Daily Giggles - New ways to laugh at my life.

*While recovering from an ear infection, my daughter was going through the 'gooey' stage.  You know, where they always have thick slime coming out of their noses and are coughing it up.  I was helping her get her nose cleaned up and it went like this: 'Mom, do I have tiny little hairs in my nose?'  I thought she was being so insightful!  A little Biology genius!  'Yes, you do.'  I said so proud and anxious for the next question coming my way.  'OK' she said, 'You don't.  You have great big huge ones in your nose.'

*My daughter has been full of attitude.  She told me while I was waiting for HER to pick a story that I was PICKY!  Do I need to take this from a 5 year old?  More importantly, how do I keep from laughing so she won't be encouraged to continue!?
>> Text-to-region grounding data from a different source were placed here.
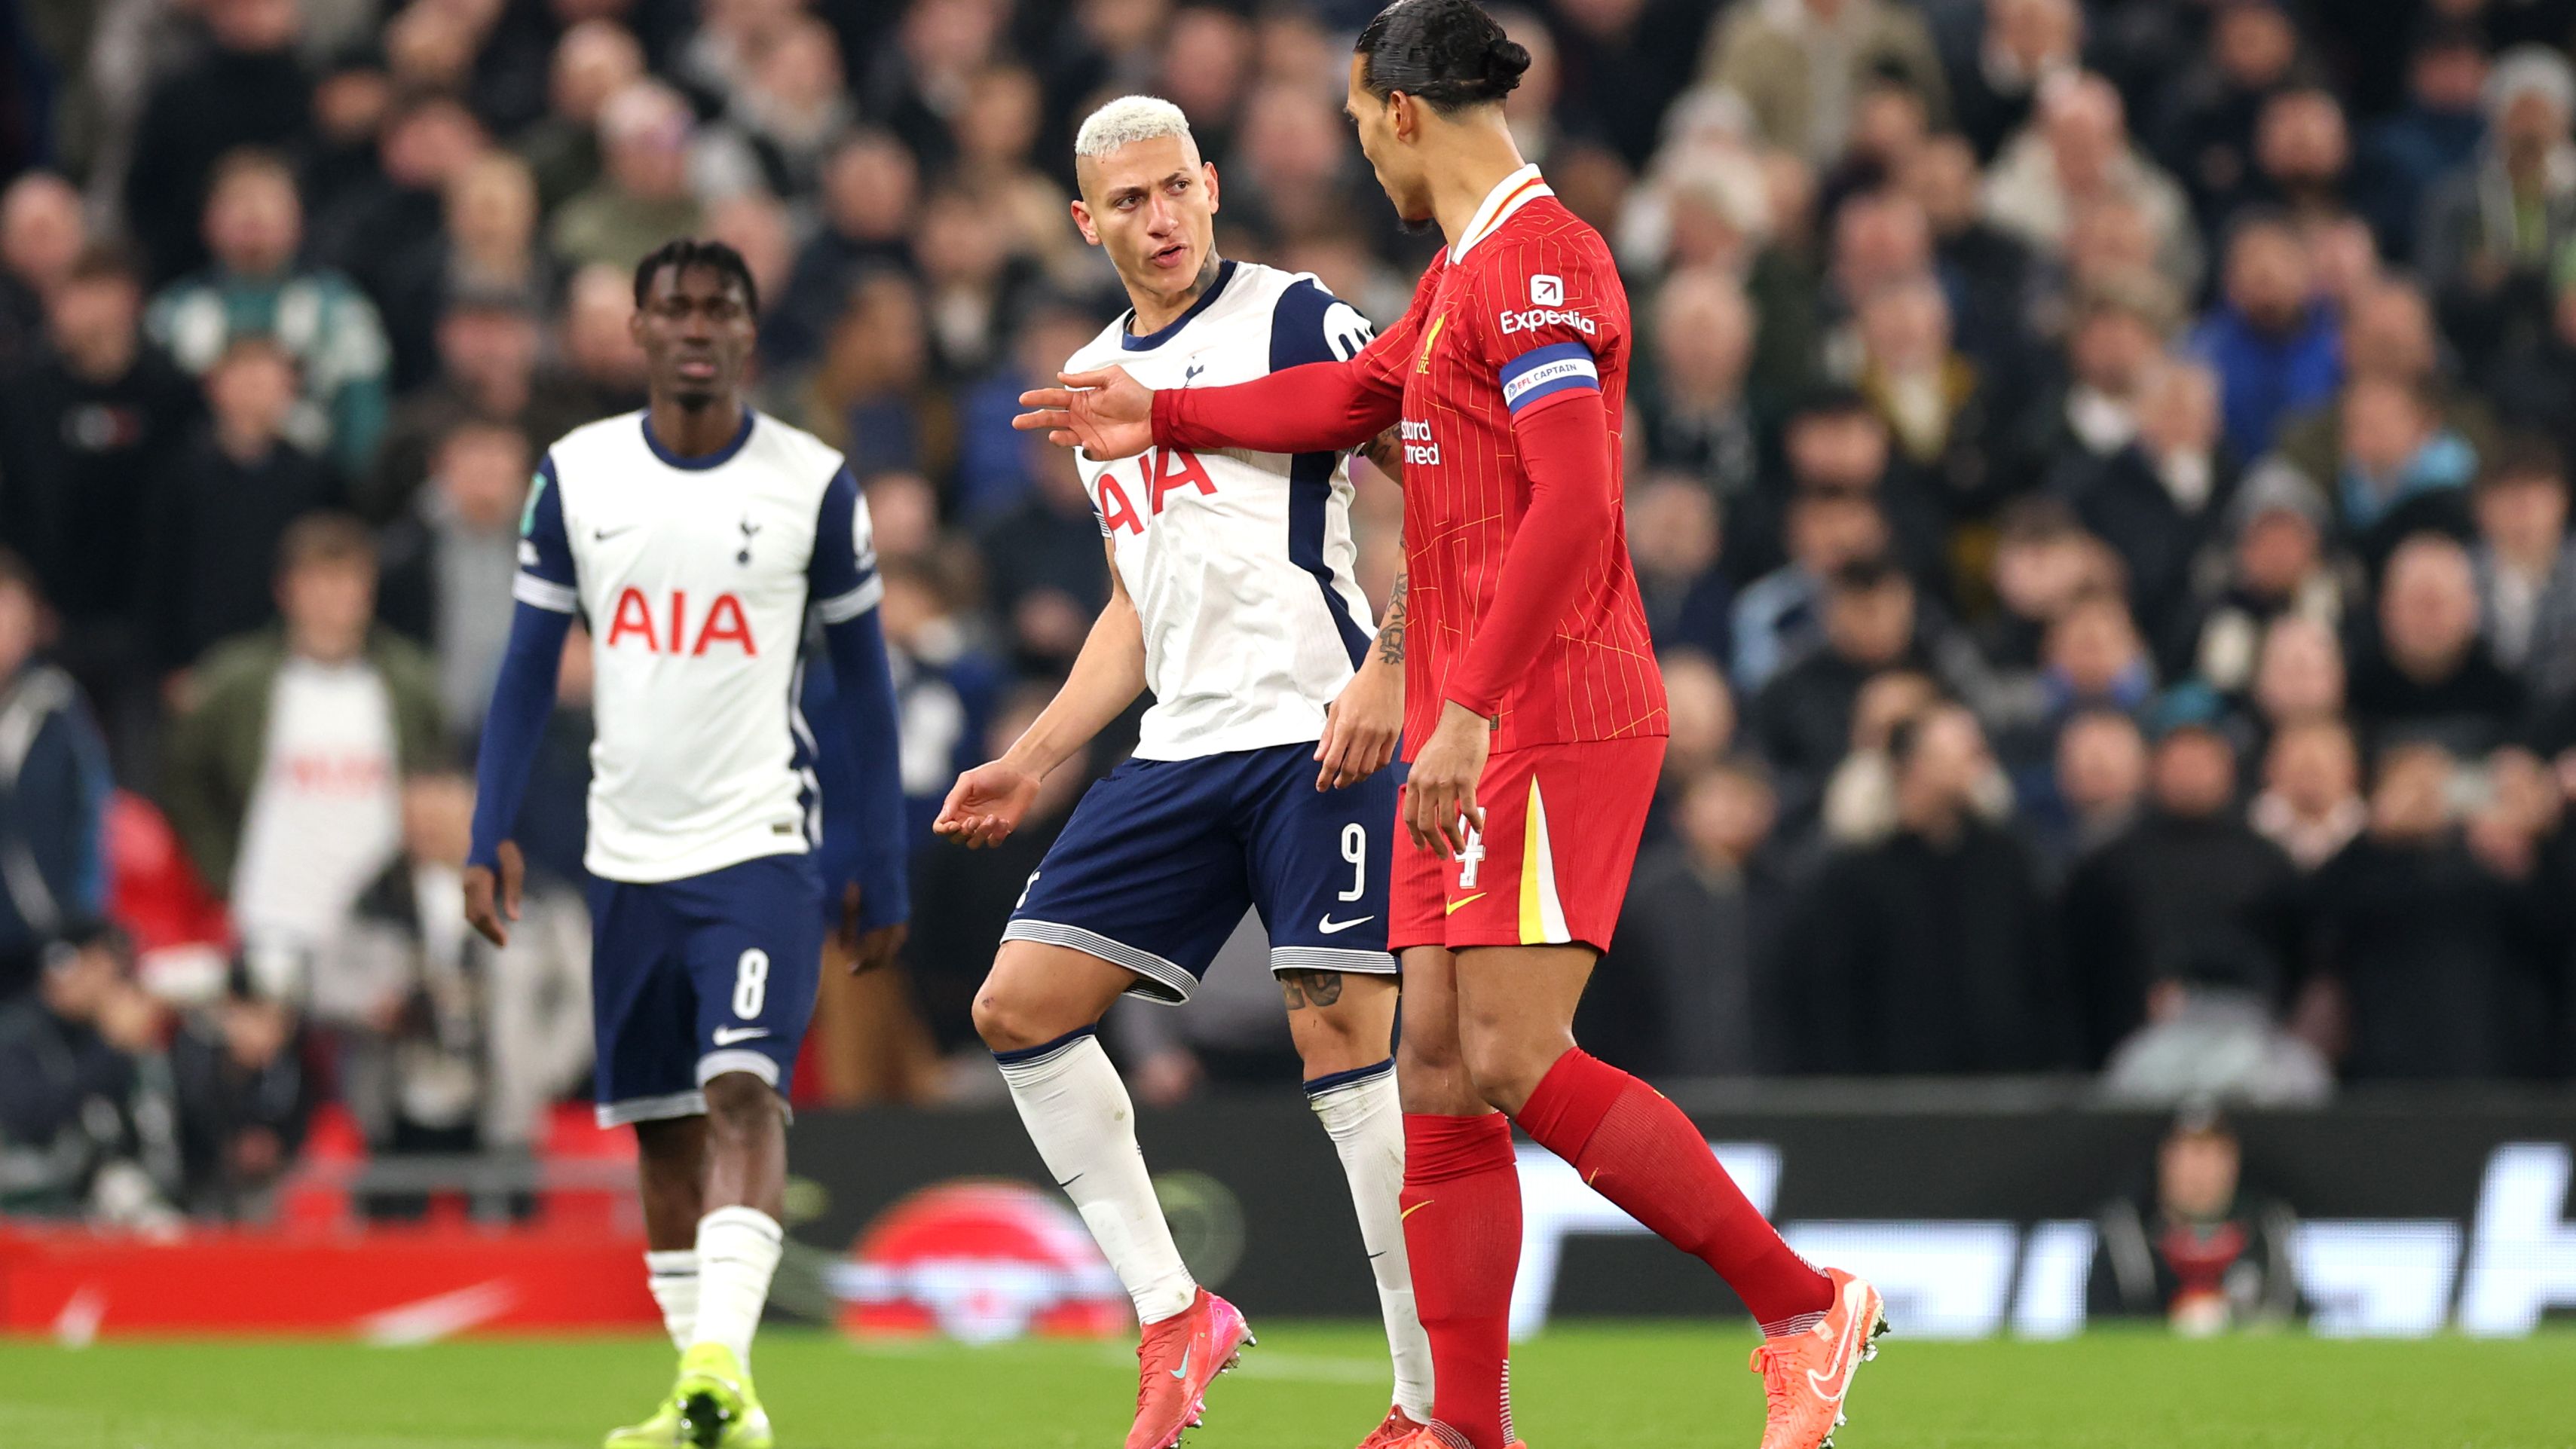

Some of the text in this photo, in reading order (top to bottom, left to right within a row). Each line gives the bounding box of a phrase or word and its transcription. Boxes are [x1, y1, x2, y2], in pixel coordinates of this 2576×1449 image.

[1500, 309, 1595, 335] Expedia
[1516, 364, 1577, 390] EFL CAPTAIN
[607, 586, 758, 658] AIA
[1338, 822, 1366, 901] 9
[1453, 806, 1487, 889] 4
[732, 947, 769, 1020] 8
*My oldest son received a vet kit, complete with a stuffed dog, for his third birthday  He picked up the plastic bone and threw it over the heads of the party attendants and the picked up the dog.  As he threw the dog in the same direction, he yelled, 'GO FETCH!'

*We had entered that state of being potty trained where kids have to be reminded all the time to go.  My oldest son was 3 and was getting very annoyed with me checking up to see if he needed to go.  I asked him while we were out if he needed to go to the bathroom.  He turned to me squarely and said, 'No!  Do you?'

*When leaving the last day of swimming lessons with a new report card, my then 4 year old son and I were discussing the card.  I asked him why the card mentioned he was afraid of the water when he'd never shown any sign of that to us.  He said, 'I'm not scared of the top of the water, just the bottom.'

*At about 5, my oldest son was over joyed to come tell me he had handled a bug on his own.  'Mom, I smashed him with a Rescue Hero and then got rid of him all by myself.'  I asked what he did with the bug.  'I wiped the juice off onto the carpet and put the bug in the airvent!'

*My middle child / son was about 2 and we were having corn on the cob.  After he had a few bites he was holding it in his fist and banging it on the table.  To distract him, my husband used the opportunity to show him the cob and how the corn was attached and that's why we call it corn on the cob.  My son said, 'No, Daddy, it's corn on the table.'

*My 5 year old daughter was building tents with blankets in living room and the dog kept climbing on to it and making a bed out of it.  She kept rebuilding it and getting more frustrated.  It was cracking me up so I laughed.  She shot me a nasty look and the following conversation ensued:  "Honey, I'm not laughing at you, I'm laughing WITH you."   "Mommy, I'm NOT LAUGHING!"  My husband and I both laughed then, next thing we know, she whacked us both over the head with a pillow from the couch.  Probably shouldn't have laughed at that but, just couldn't help it.

*Playing a children's song while playing it on the piano, my 5 year old daughter turned to me and said, "Mommy!  You're better than I expected!"

*My 5 year old daughter kept rubbing the bottom of her foot up against my leg.  I asked her what in the world she was doing.  Her response: "I have an itch, and you have spikes on your legs that are scratchy."